As demonstrated through its ratification of a range of environmental conventions, it is clear that Pakistan, for one reason or another, realises the importance of protecting the environment. However, because of its dualist nature, Pakistan has to transpose international legal obligations into domestic law in order for the provisions to be effective. This is one of the major areas in which the provincial governments must divert their efforts – ie in enacting legislation incorporating provisions of international environmental conventions into domestic law.

In November 1997, the Pakistan Environmental Protection Agency (PEPA) was formed under Section 5 of the Environmental Protection Act 1997 (EPA). Prior to this, in October 1997, the government of Pakistan issued ‘Guidelines for Sensitive and Critical Areas’ in response to the lack of central legislation for wildlife conservation.
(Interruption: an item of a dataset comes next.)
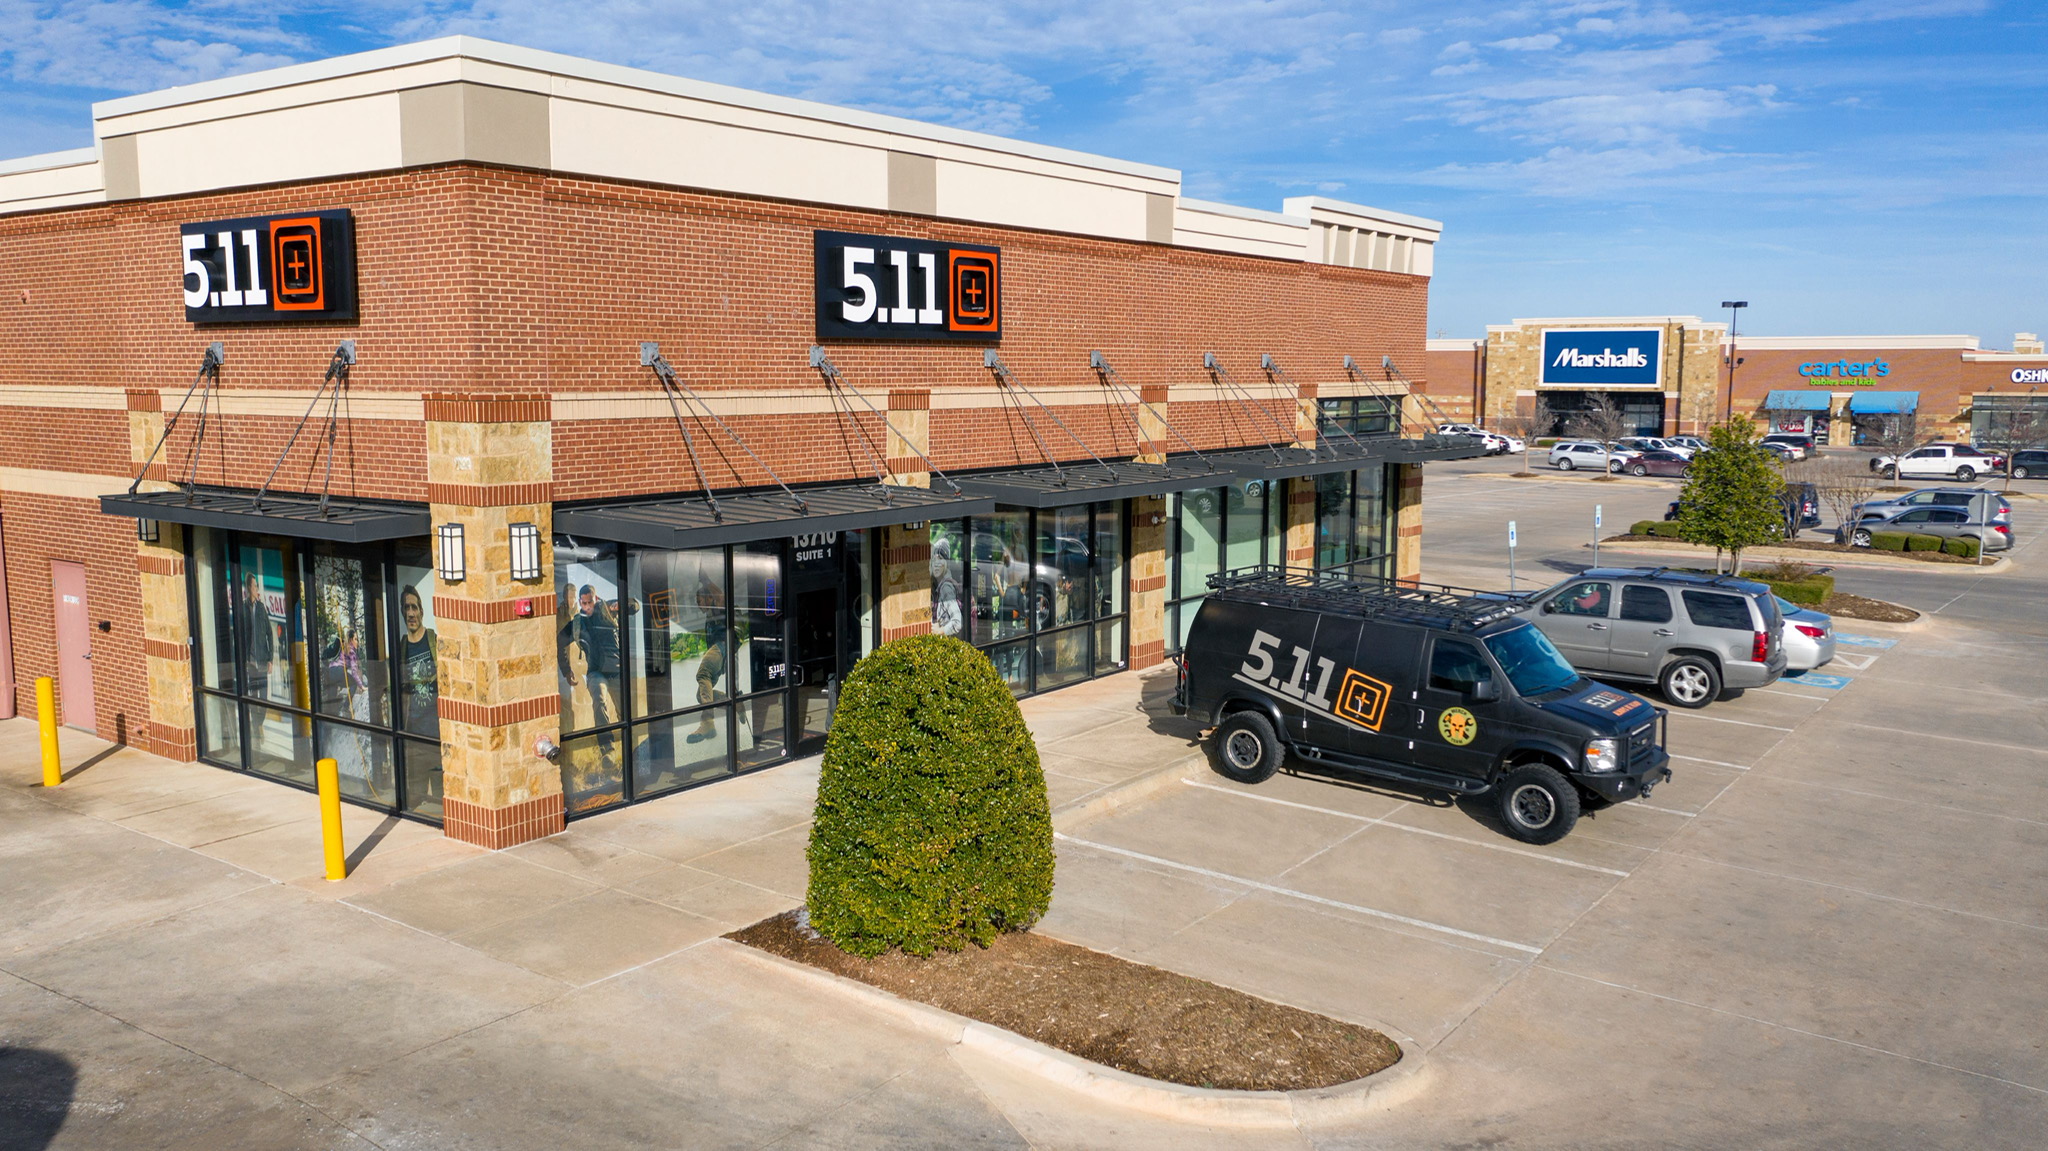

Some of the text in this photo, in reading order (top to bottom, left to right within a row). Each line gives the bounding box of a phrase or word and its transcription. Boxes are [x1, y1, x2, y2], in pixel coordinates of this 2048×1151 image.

Post-18th Amendment, there is no need for central legislation on the environment – it is the responsibility of each provincial government to enact its own environmental protection laws. In fact, the guidelines highlighted the existence of provincial statutes providing for the creation and management of ‘protected areas’.

Hardly anyone in Pakistan, with the exception of those in the professional field of environmental law, is aware of the fact that around 11 percent of Pakistan’s total land has been brought under various categories of ‘protected areas’. There are over 218 protected areas, covering approximately 2, 753, 357 hectares. Yet, there the institutional framework through which these areas are protected and managed is lacking.

There are three major categories of protected areas in Pakistan: national parks, wildlife sanctuaries and game reserves. Each province has its own legislation under which protected areas are designated. Some examples include: the Punjab Wildlife Act 1974, the Balochistan Wildlife (Protection, Preservation, Conservation and Management) Act 1996 (and an Act from 2014 with the identical title), the Khyber Pakhtunkhwa Wildlife and Biodiversity (Protection, Preservation, Conservation and Management) Act 2014 and the Sindh Wildlife Protection Ordinance 1972.

Various provinces and their relevant departments have issued notifications for national parks, game reserves and wildlife sanctuaries. These notifications specify the name of the protected area, the relevant designating authority, the section of the relevant legislation under which such notification is authorised, the date of notification, the total area encompassed, the tehsil, sub-tehsil and district of the protected area and the boundaries of the area.

With such detailed notifications, it is odd that there are major discrepancies in the figures available for the number of protected areas in Pakistan. This, too, is can be attributed to lack in capacity – several protected areas are often denotified to allow for an otherwise illegal activity to become legal for a ‘friend’ of a government official or a ‘VIP’. The lack of capacity prevents those in positions of authority from realising the long-term damage inflicted upon these areas by a single de-notification that allows an individual or group to damage the species, flora and fauna present in the area.

There are, of course, differences between what is permitted in a national park and a wildlife sanctuary – the same is applicable to game reserves. Wildlife sanctuaries are the ‘temple’ of protected areas; they are undisturbed breeding grounds where exploitation of the forest is also prohibited.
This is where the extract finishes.